MATERIAL TO PROCESS START
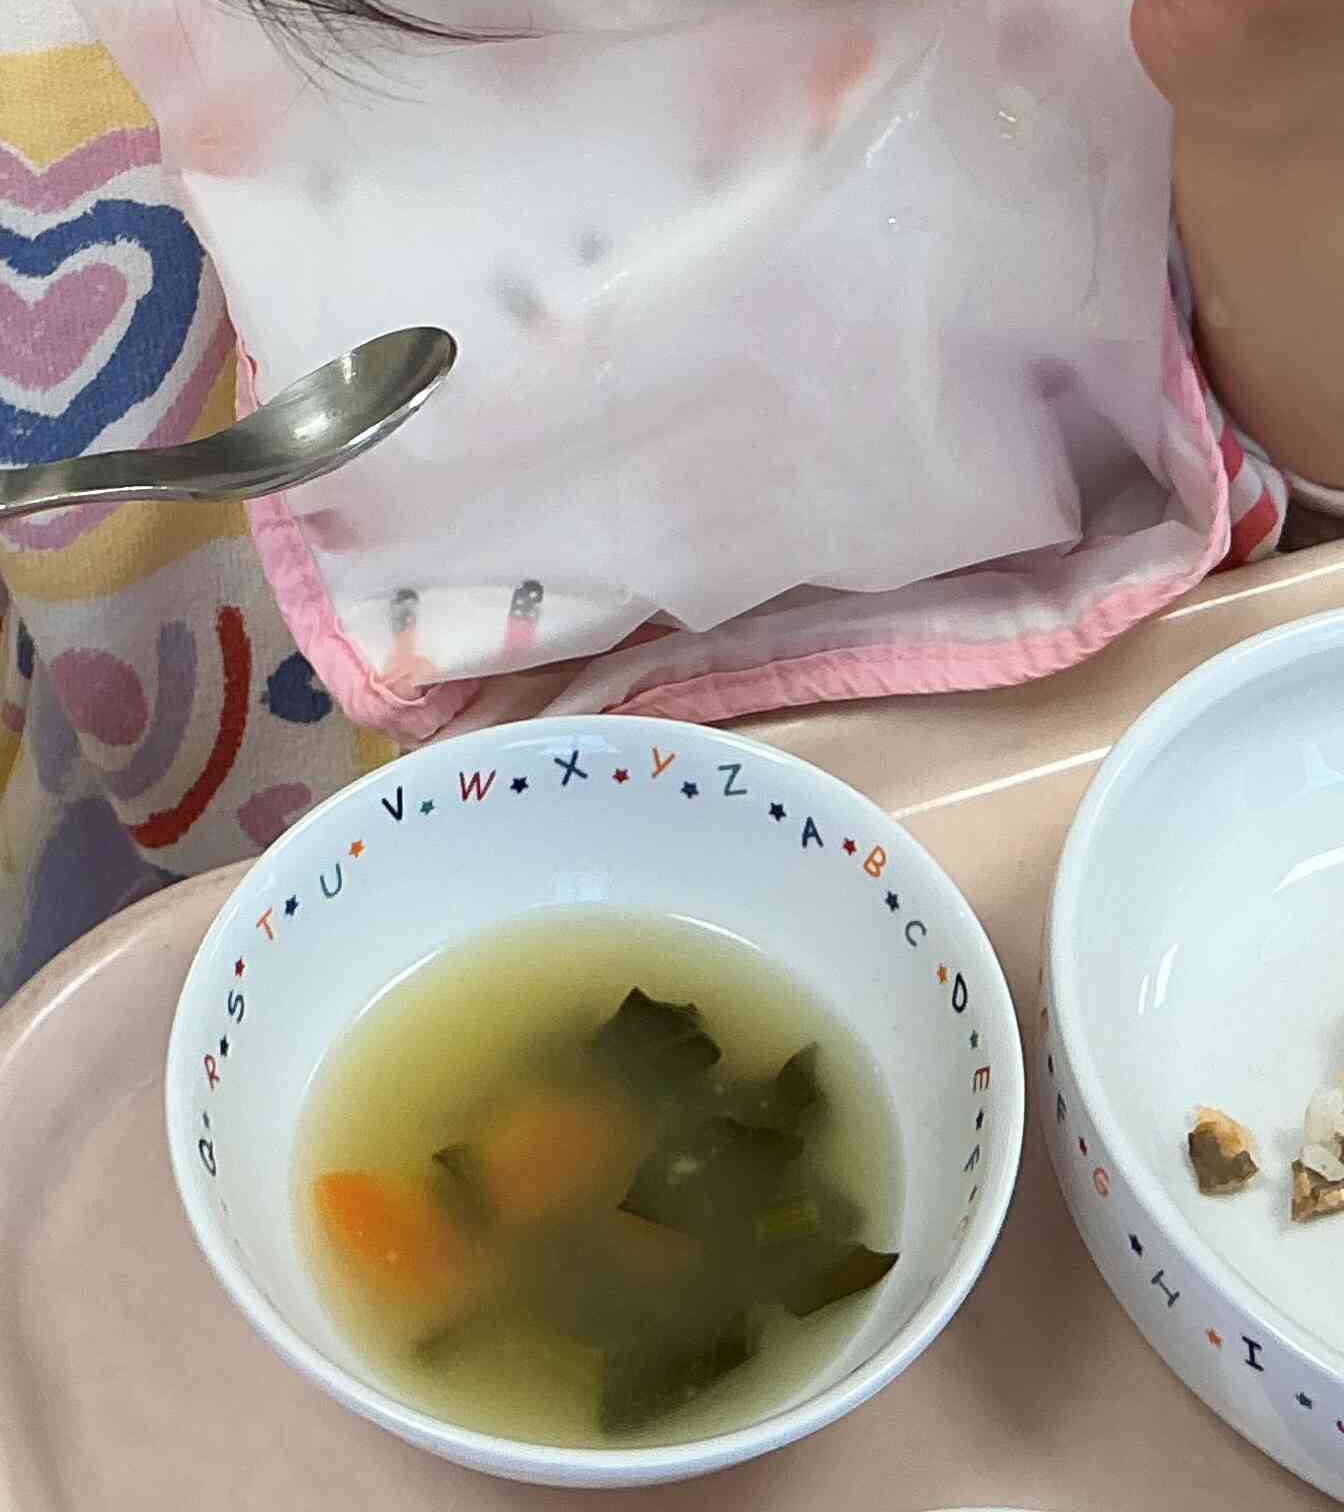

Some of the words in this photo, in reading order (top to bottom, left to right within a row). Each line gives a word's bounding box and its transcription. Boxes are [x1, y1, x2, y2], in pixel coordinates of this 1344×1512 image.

[204, 1054, 220, 1091] R
[228, 989, 245, 1024] S
[256, 907, 274, 940] T
[320, 863, 343, 899] U
[381, 786, 403, 821] V
[459, 769, 496, 801] W
[554, 749, 588, 786] X
[652, 746, 676, 779] Y
[717, 763, 748, 796] Z
[801, 816, 824, 849] A
[863, 845, 887, 878] B
[905, 920, 927, 948] C
[952, 972, 968, 1013] D
[973, 1065, 991, 1093] E
[1092, 1167, 1109, 1198] G
[1151, 1270, 1180, 1307] H
[1242, 1335, 1264, 1372] I
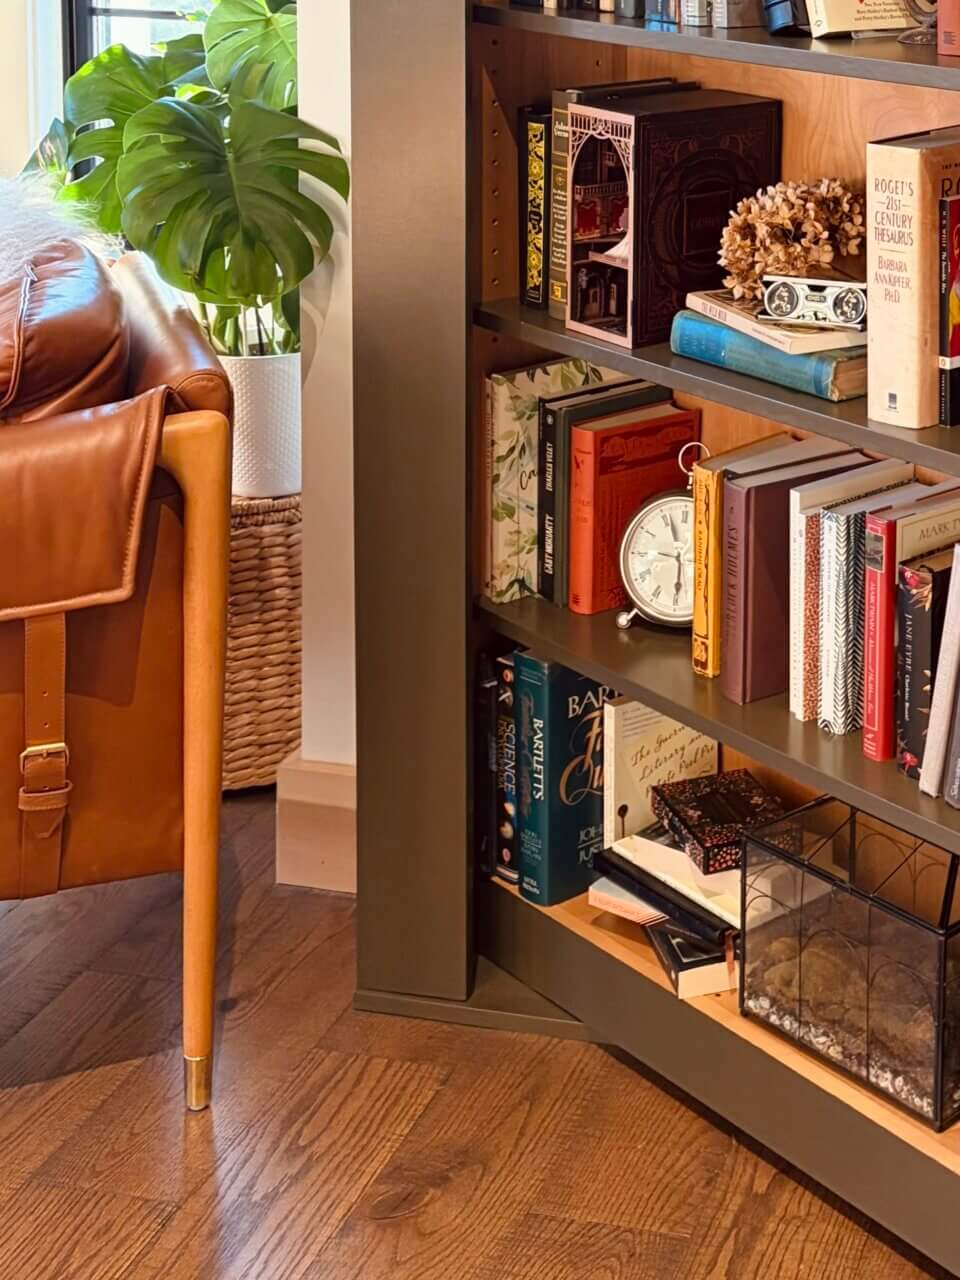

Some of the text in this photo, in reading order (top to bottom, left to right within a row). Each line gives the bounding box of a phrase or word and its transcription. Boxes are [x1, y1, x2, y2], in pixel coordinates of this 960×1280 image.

[874, 177, 915, 197] ROGET'S
[885, 195, 902, 211] 21ST
[874, 210, 913, 230] CENTURY
[873, 226, 915, 247] THESAURUS
[877, 255, 908, 273] BARBARA
[874, 271, 889, 285] ANN
[545, 462, 553, 492] CHARLES
[919, 521, 950, 540] MARK
[544, 514, 554, 575] LAST MORIARTY
[726, 526, 738, 578] HOLMES
[904, 613, 913, 640] JANE
[904, 644, 913, 672] EYRE
[504, 721, 516, 795] SCIENCE
[631, 744, 651, 768] The
[639, 745, 687, 782] Literary
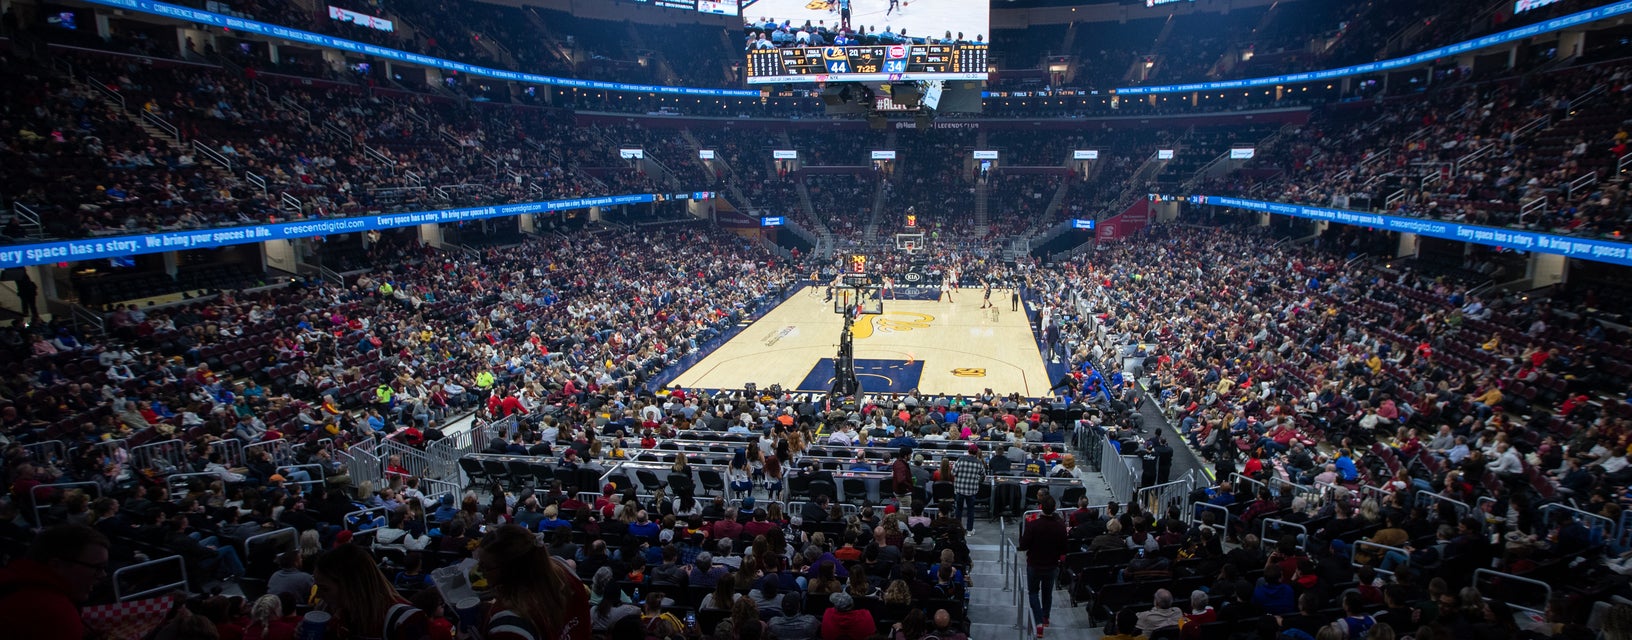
MATERIAL TO PROCESS END
#### AIM OF THE TASK
Leave out the pictures and reproduce the rest of the listing exactly.

#### ANSWER FOR THE TASK
Some of the words in this photo, in reading order (top to bottom, left to right within a row). Each line gives a word's bounding box and its transcription. Boxes are [x1, y1, x2, y2], in pixel coordinates of this 1344×1512 image.

[204, 1054, 220, 1091] R
[228, 989, 245, 1024] S
[256, 907, 274, 940] T
[320, 863, 343, 899] U
[381, 786, 403, 821] V
[459, 769, 496, 801] W
[554, 749, 588, 786] X
[652, 746, 676, 779] Y
[717, 763, 748, 796] Z
[801, 816, 824, 849] A
[863, 845, 887, 878] B
[905, 920, 927, 948] C
[952, 972, 968, 1013] D
[973, 1065, 991, 1093] E
[1092, 1167, 1109, 1198] G
[1151, 1270, 1180, 1307] H
[1242, 1335, 1264, 1372] I

Some of the text in this photo, in reading order (top to bottom, left to right within a row). Each line gives the bounding box of a phrase or word and its transcription. Boxes are [x1, y1, x2, y2], in pixel coordinates of this 960×1280 image.

[874, 177, 915, 197] ROGET'S
[885, 195, 902, 211] 21ST
[874, 210, 913, 230] CENTURY
[873, 226, 915, 247] THESAURUS
[877, 255, 908, 273] BARBARA
[874, 271, 889, 285] ANN
[545, 462, 553, 492] CHARLES
[919, 521, 950, 540] MARK
[544, 514, 554, 575] LAST MORIARTY
[726, 526, 738, 578] HOLMES
[904, 613, 913, 640] JANE
[904, 644, 913, 672] EYRE
[504, 721, 516, 795] SCIENCE
[631, 744, 651, 768] The
[639, 745, 687, 782] Literary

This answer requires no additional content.